The rooms in the Sumaryo Guest House where I was staying opened onto a sunny central courtyard blooming with hibiscus bushes and furnished with low-slung lawn chairs. Small clusters of three or four travellers, mostly young Western backpackers, would sit in the lawn chairs late into the night engaging in that casual banter and story swapping that tends to characterize backpacker socializing. Mark made an odd exception to this social choreography. I noticed that he had pulled one of those lawn chairs up against a wall and was sitting there alone, hunched over a black portable computer. Wires spilled out of the side of his computer and snaked up the wall where he had rigged a power converter to plug his computer into an outlet. When I asked him what he was doing, he slowly peeled his gaze away from the screen to look at me and then patiently explained that he was keeping a digital travel journal and writing articles about travelling around the world with a computer.
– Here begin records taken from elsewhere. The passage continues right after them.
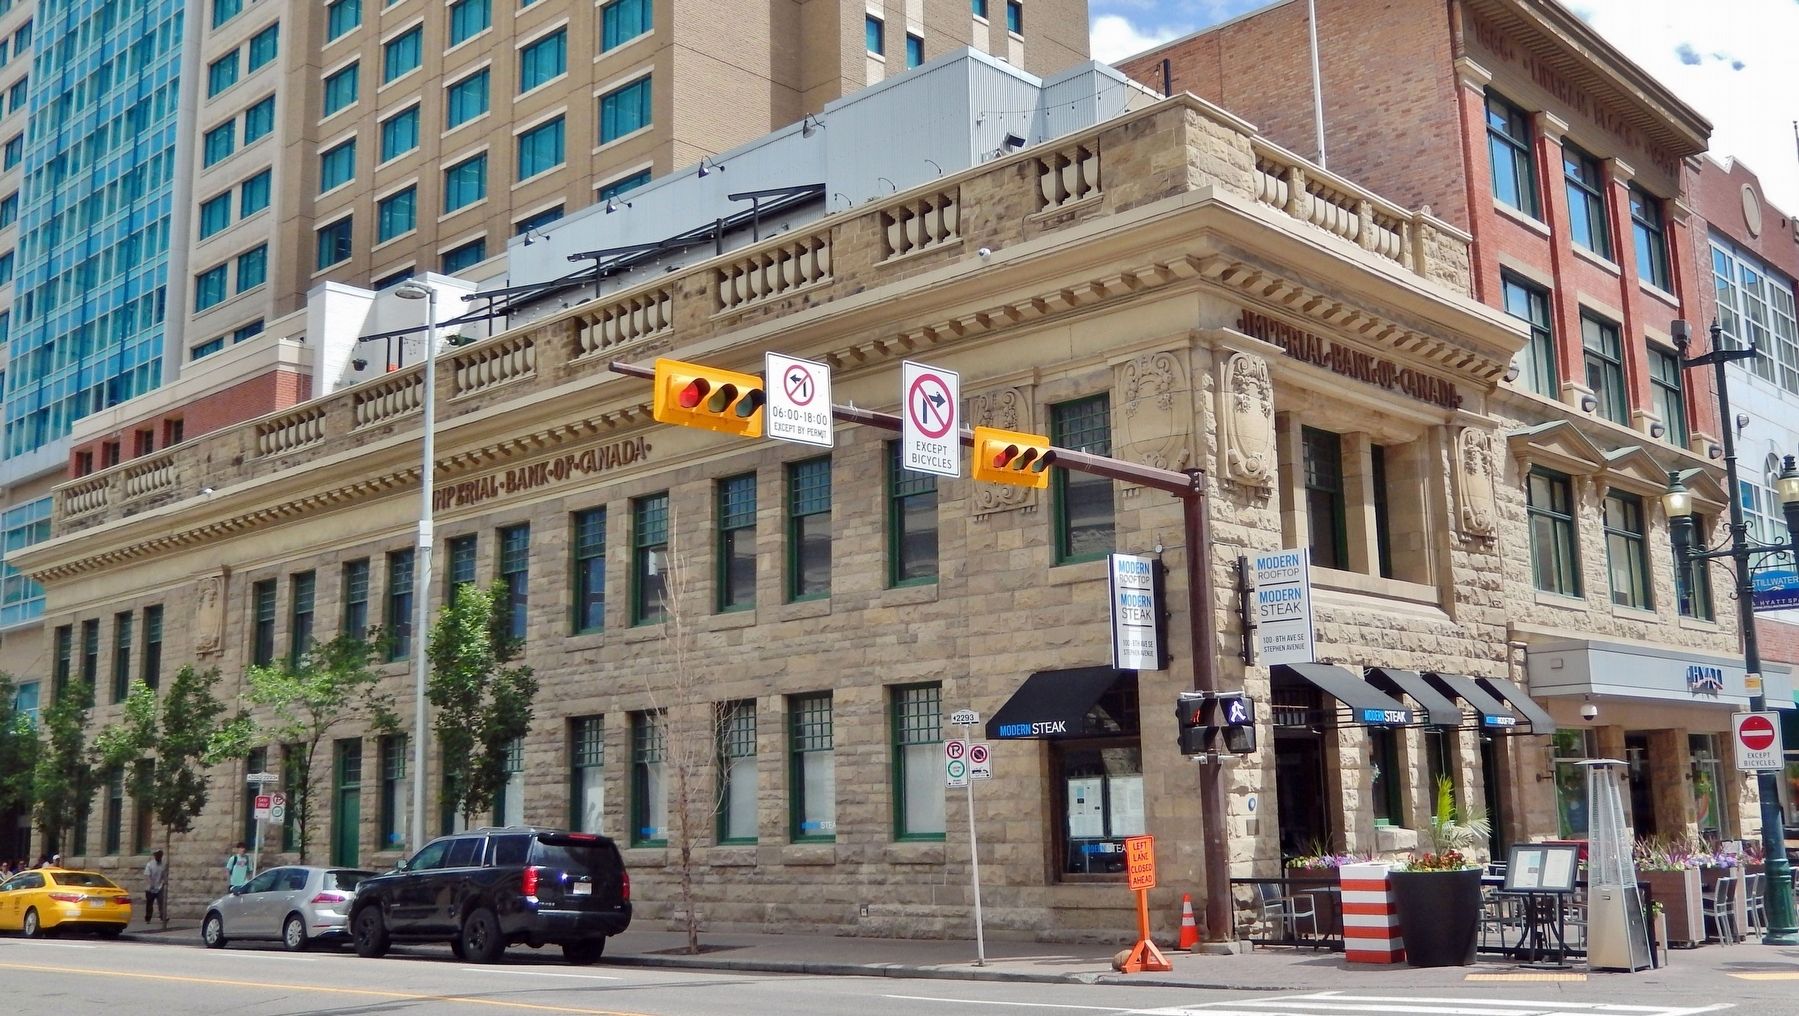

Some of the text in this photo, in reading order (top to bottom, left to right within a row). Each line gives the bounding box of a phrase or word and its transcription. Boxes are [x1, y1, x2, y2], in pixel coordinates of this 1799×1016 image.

[1330, 343, 1375, 383] BANK
[773, 406, 828, 426] 06:00-18:00
[774, 422, 826, 438] EXCEPT BY PERMIT
[916, 441, 947, 455] EXCEPT
[911, 455, 951, 469] BICYCLES
[433, 436, 648, 511] MPERIAL BANK OF CANADA
[1118, 560, 1149, 574] MODERN
[1257, 554, 1299, 569] MODERN
[1119, 574, 1149, 584] ROOFTOP
[1258, 568, 1299, 580] ROOFTOP
[1120, 593, 1151, 607] MODERN
[1259, 588, 1301, 602] MODERN
[1260, 602, 1301, 616] STEAK
[1760, 599, 1785, 607] HYATT
[1121, 607, 1151, 620] STEAK
[1263, 636, 1273, 644] 100
[1275, 635, 1286, 643] 8TH
[1286, 634, 1297, 642] AVE
[1297, 633, 1304, 641] SE
[1263, 643, 1304, 653] STEPHEN AVENUE
[956, 713, 974, 721] 2293
[1384, 710, 1406, 722] STEAK
[1000, 721, 1066, 736] MODERN STEAK
[1132, 841, 1146, 850] LEFT
[1132, 852, 1148, 861] LANE
[1131, 864, 1152, 873] CLOSED
[1132, 875, 1152, 884] AHEAD
These articles were intended as a kind of ‘how-to’ guide for other travellers who might want to bring their computers along, but were worried about security or weight or voltage. He gestured to one of the wires, which led to a phone jack, and explained that he was occasionally able to connect his modem to the phone line in the guest house to transmit his travel journal to friends back home. ‘All my friends get is a postcard’, I joked. But, I quickly figured out that his friends were not like my friends. They were tech-savvy computer nerds who spent most of their time in a university lab and knew how to make computers on opposite sides of the world talk to one another. He clearly wanted to get back to the task at hand, so I wandered off, fascinated and confused by this guy in a guest house in Indonesia communicating, somehow, with his friends on another continent.